• [Material for this task]

*** Begin section ***

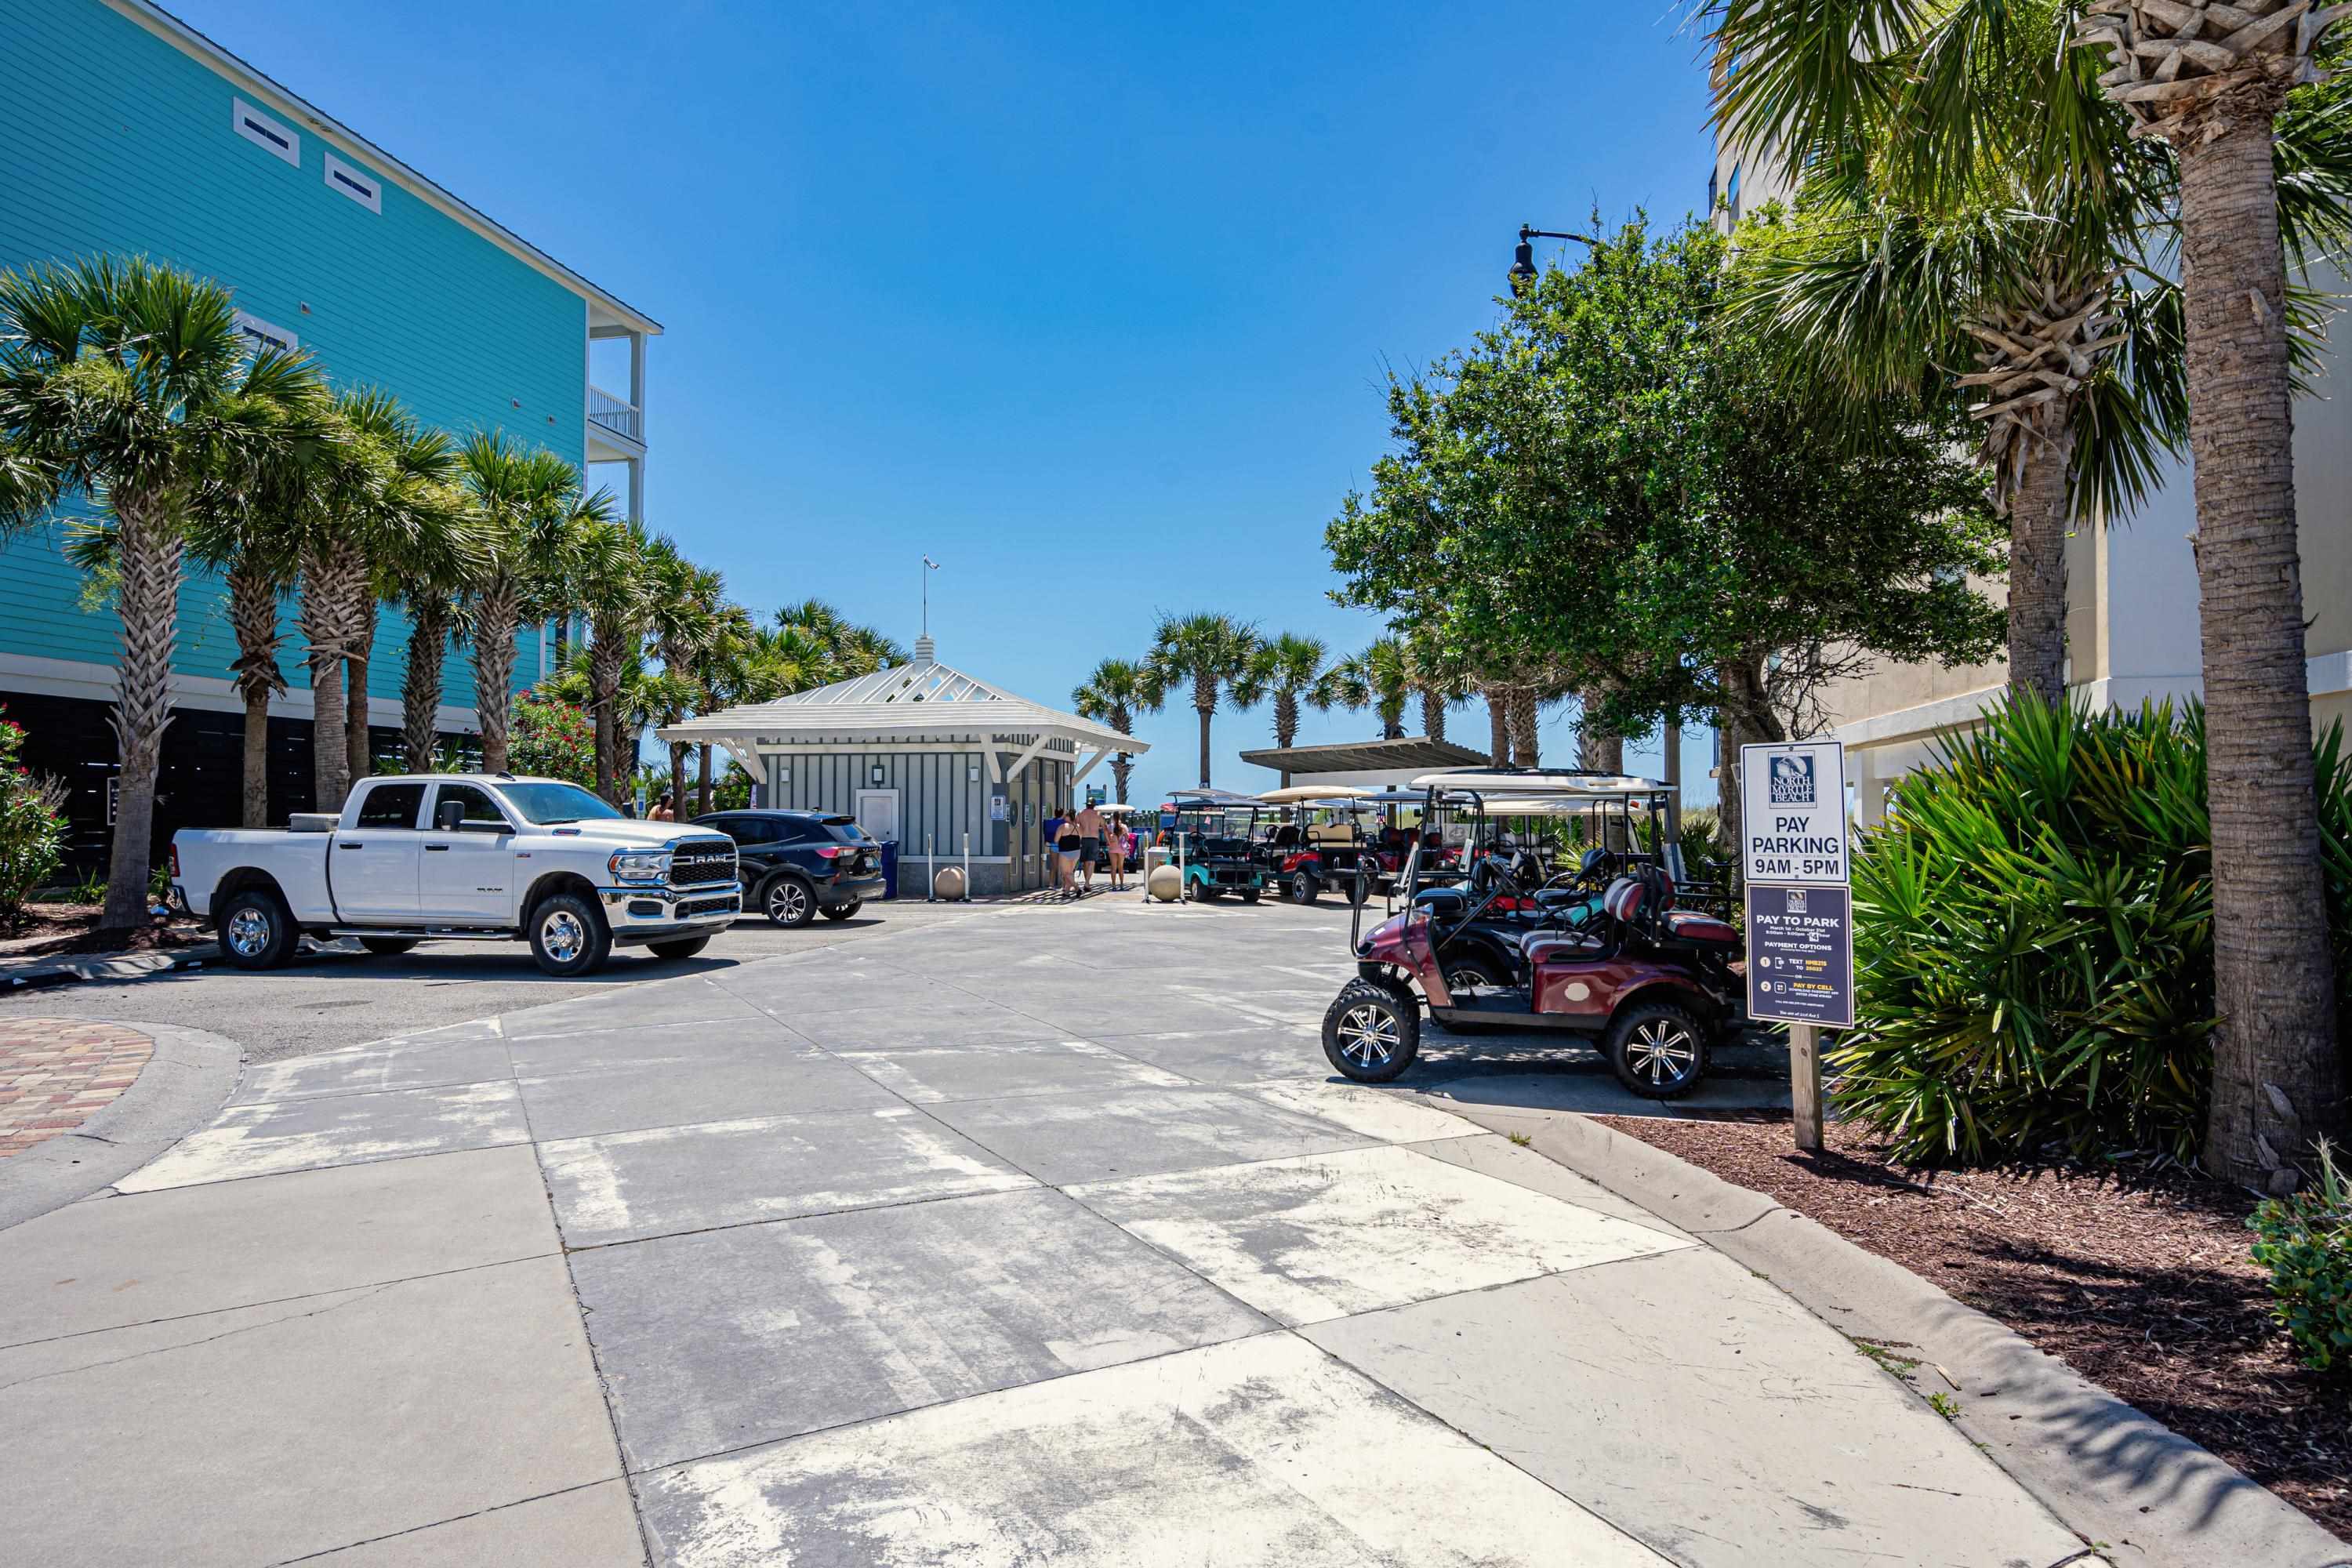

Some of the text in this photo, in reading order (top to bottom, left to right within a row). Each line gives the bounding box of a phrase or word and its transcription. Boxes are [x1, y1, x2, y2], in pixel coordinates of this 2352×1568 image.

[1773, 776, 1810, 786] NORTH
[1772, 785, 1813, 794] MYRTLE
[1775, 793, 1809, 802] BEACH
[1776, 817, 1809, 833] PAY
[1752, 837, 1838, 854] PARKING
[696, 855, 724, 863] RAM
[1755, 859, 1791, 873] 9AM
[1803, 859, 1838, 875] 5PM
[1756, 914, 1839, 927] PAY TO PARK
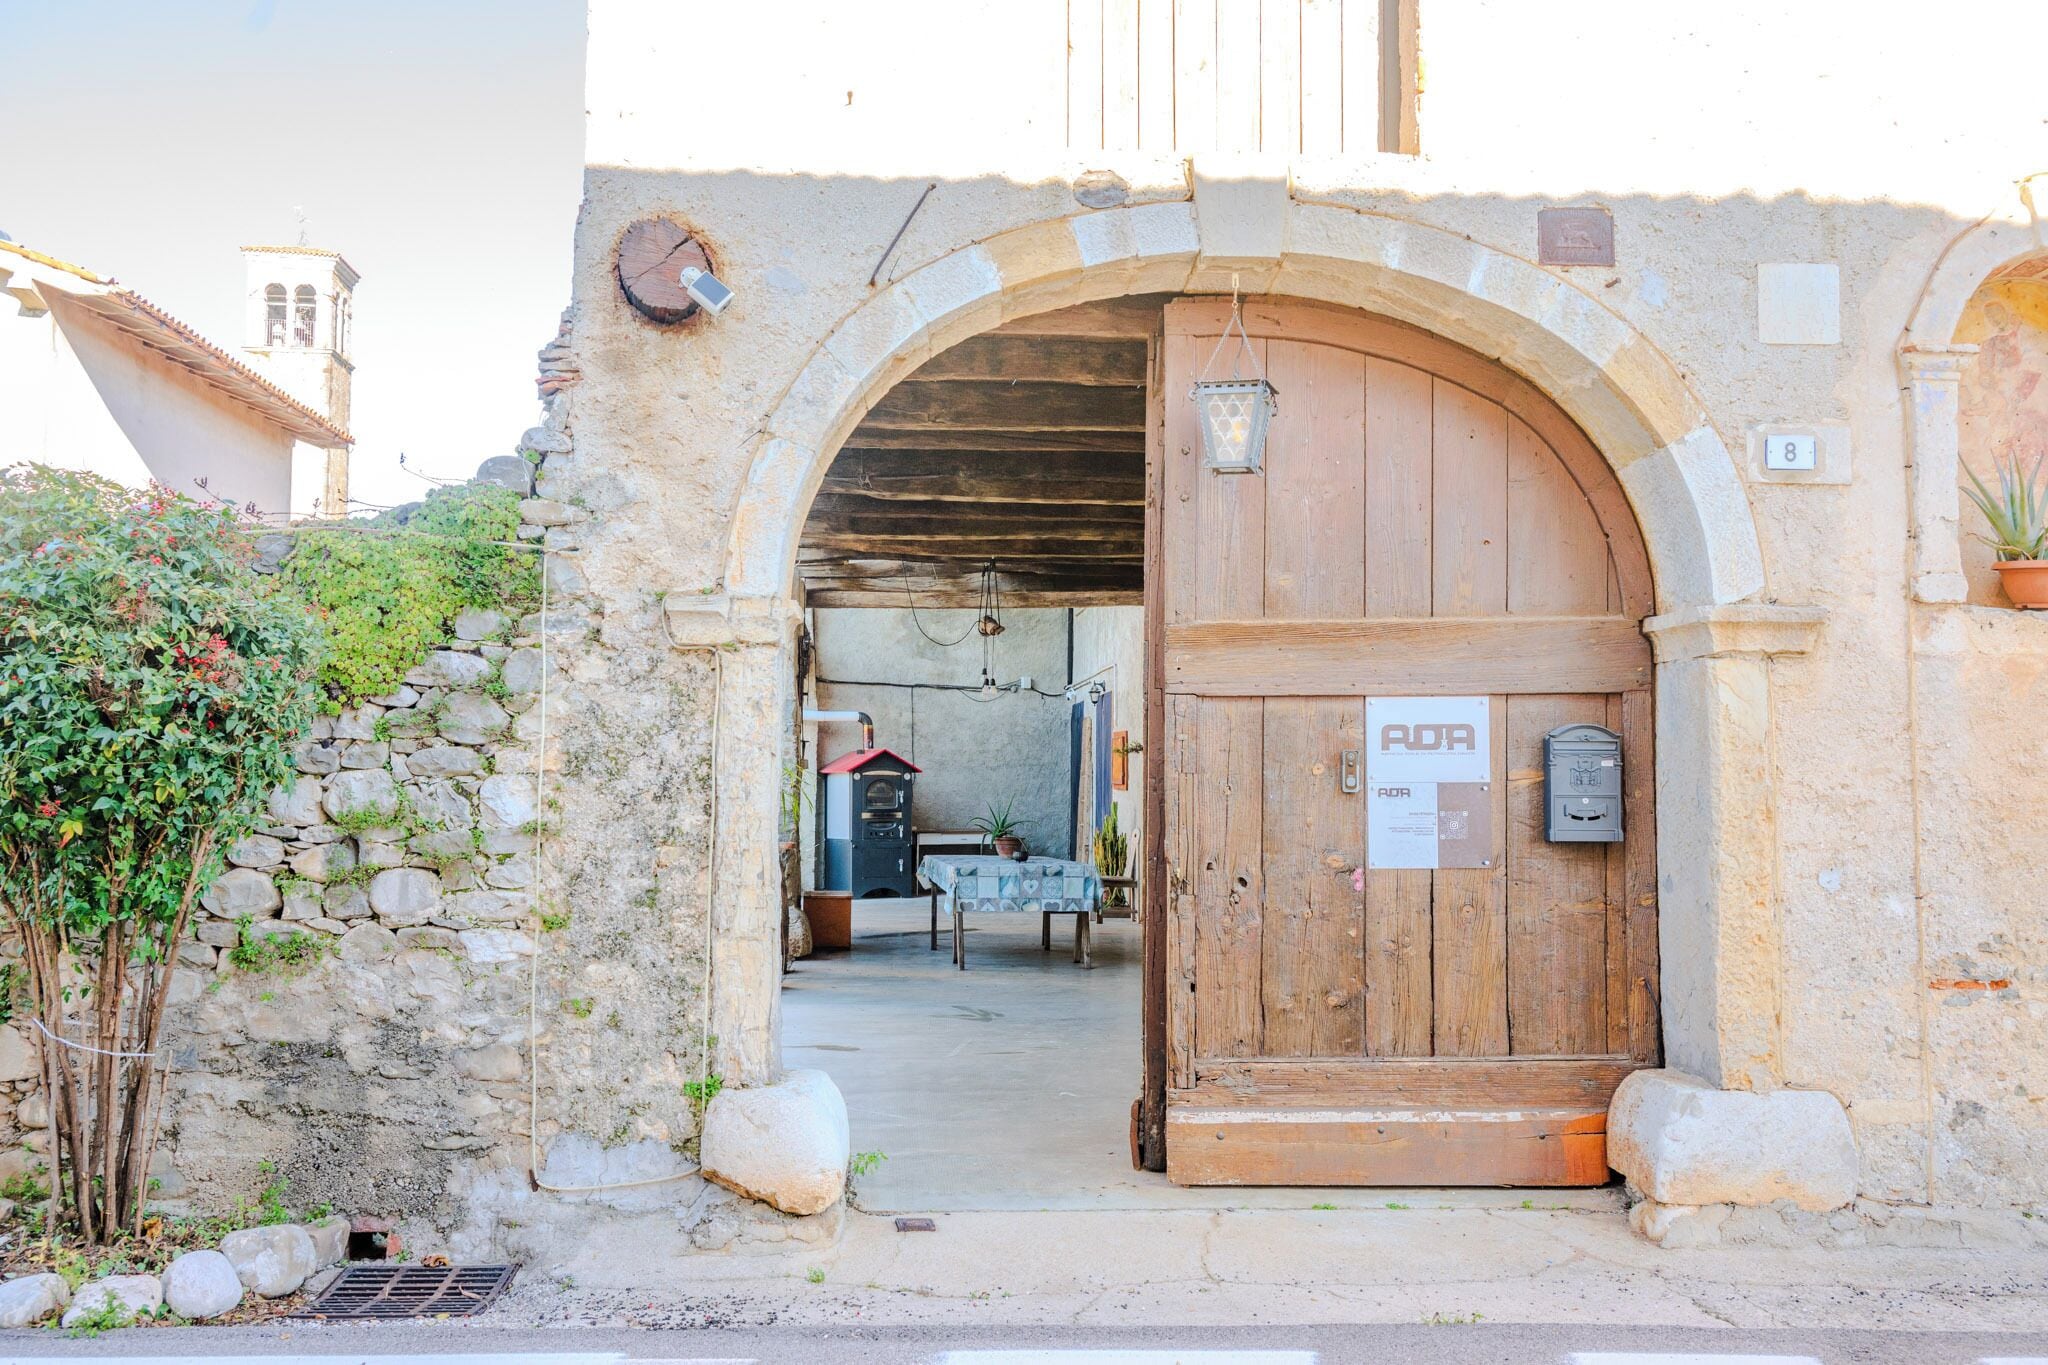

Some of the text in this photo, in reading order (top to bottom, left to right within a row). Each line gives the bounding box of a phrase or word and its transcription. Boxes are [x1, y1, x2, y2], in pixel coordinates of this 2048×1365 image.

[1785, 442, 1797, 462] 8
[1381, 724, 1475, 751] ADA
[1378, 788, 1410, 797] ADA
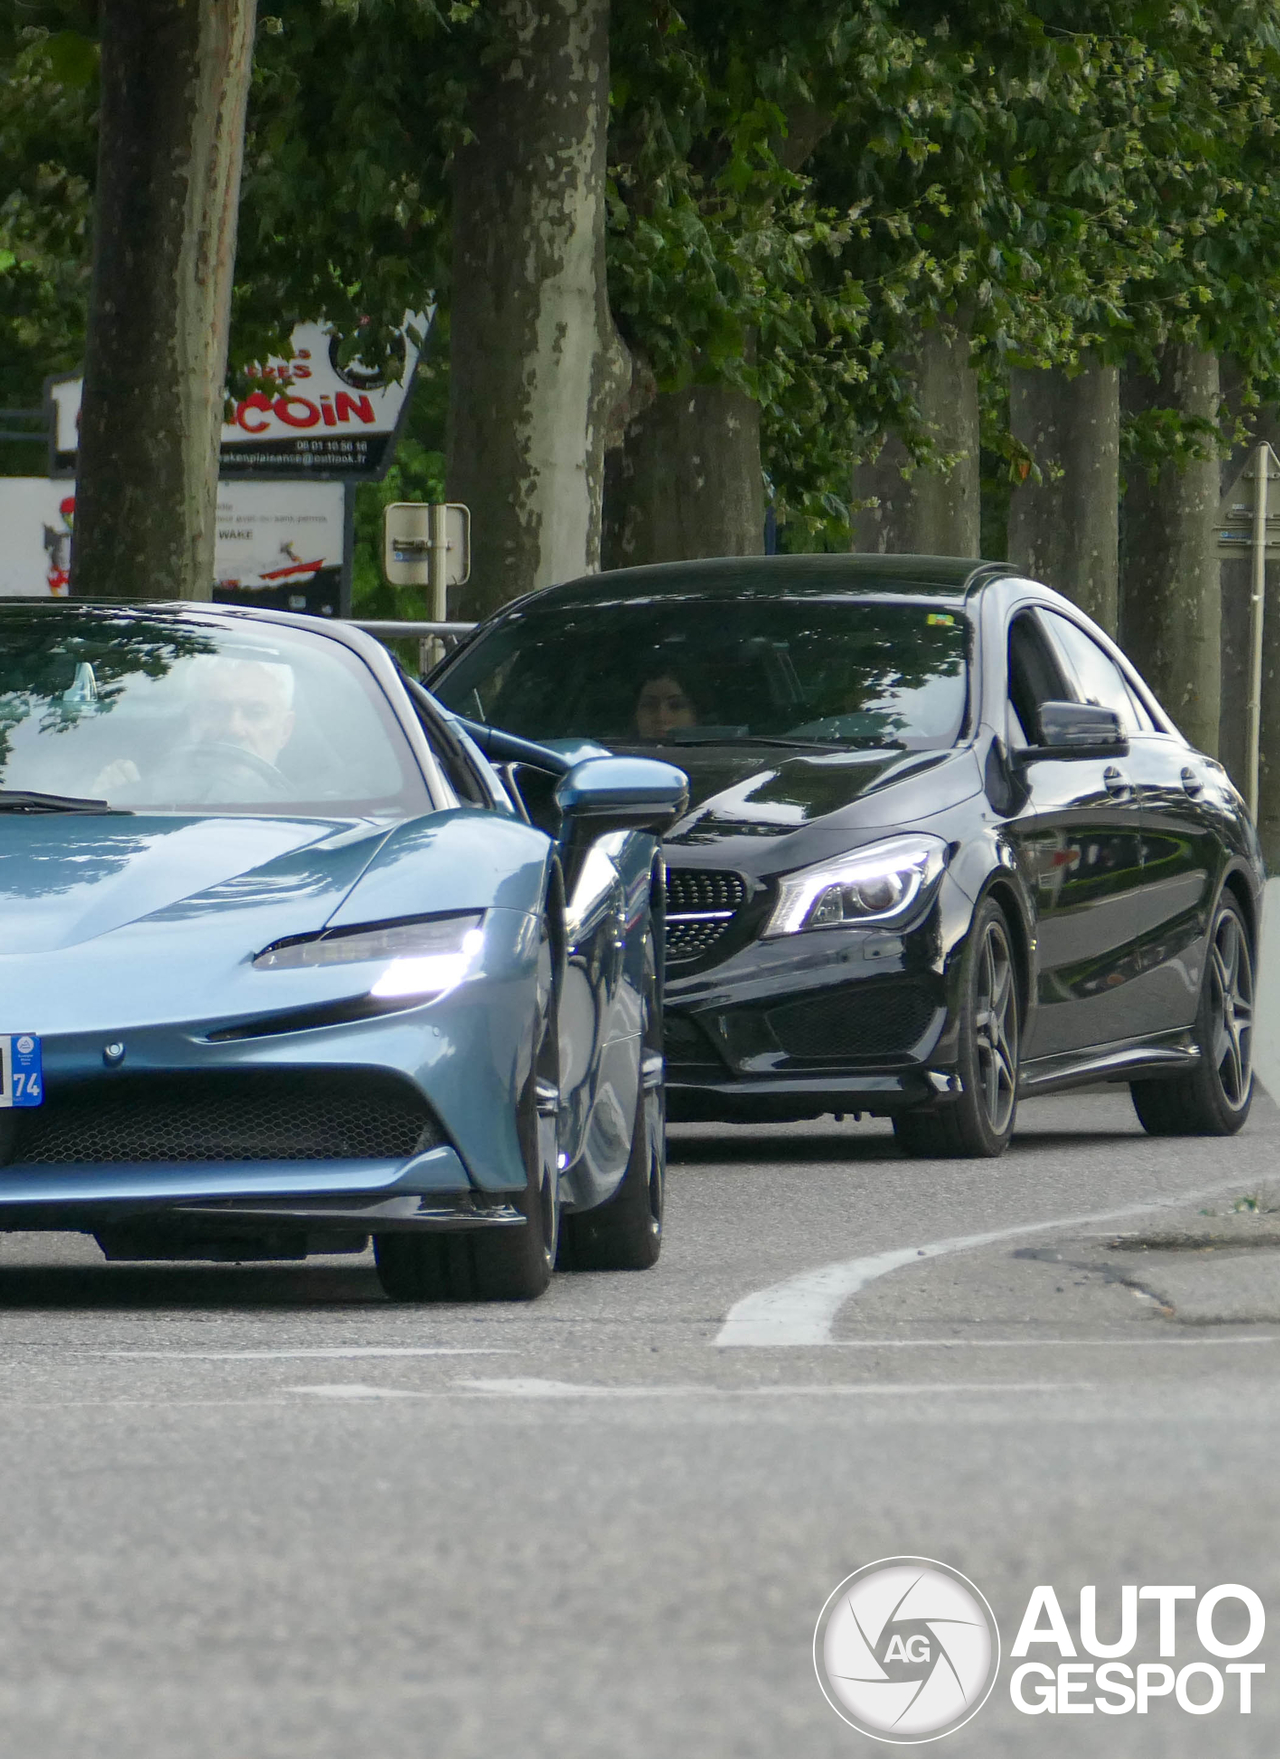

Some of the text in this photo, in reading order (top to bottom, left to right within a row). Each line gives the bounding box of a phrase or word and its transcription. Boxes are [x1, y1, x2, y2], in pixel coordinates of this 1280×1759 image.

*** End section ***

• [Task description] Exact copy, pictures excluded: restate every record above word for word.

• [Result]
Some of the text in this photo, in reading order (top to bottom, left to right within a row). Each line gives the bounding box of a phrase or word and its transcription. Boxes are [x1, y1, x2, y2], in pixel coordinates of this 2352×1568 image.

[1773, 776, 1810, 786] NORTH
[1772, 785, 1813, 794] MYRTLE
[1775, 793, 1809, 802] BEACH
[1776, 817, 1809, 833] PAY
[1752, 837, 1838, 854] PARKING
[696, 855, 724, 863] RAM
[1755, 859, 1791, 873] 9AM
[1803, 859, 1838, 875] 5PM
[1756, 914, 1839, 927] PAY TO PARK

Some of the text in this photo, in reading order (top to bottom, left to right within a row). Each line gives the bounding box of a phrase or word and its transcription. Boxes are [x1, y1, x2, y2], in pixel coordinates of this 2048×1365 image.

[1785, 442, 1797, 462] 8
[1381, 724, 1475, 751] ADA
[1378, 788, 1410, 797] ADA

Some of the text in this photo, in reading order (top to bottom, left to right within a row). Each line gives the bounding box of a phrase or word and its transcription. Boxes are [x1, y1, x2, y2], in pixel coordinates of this 1280×1759 image.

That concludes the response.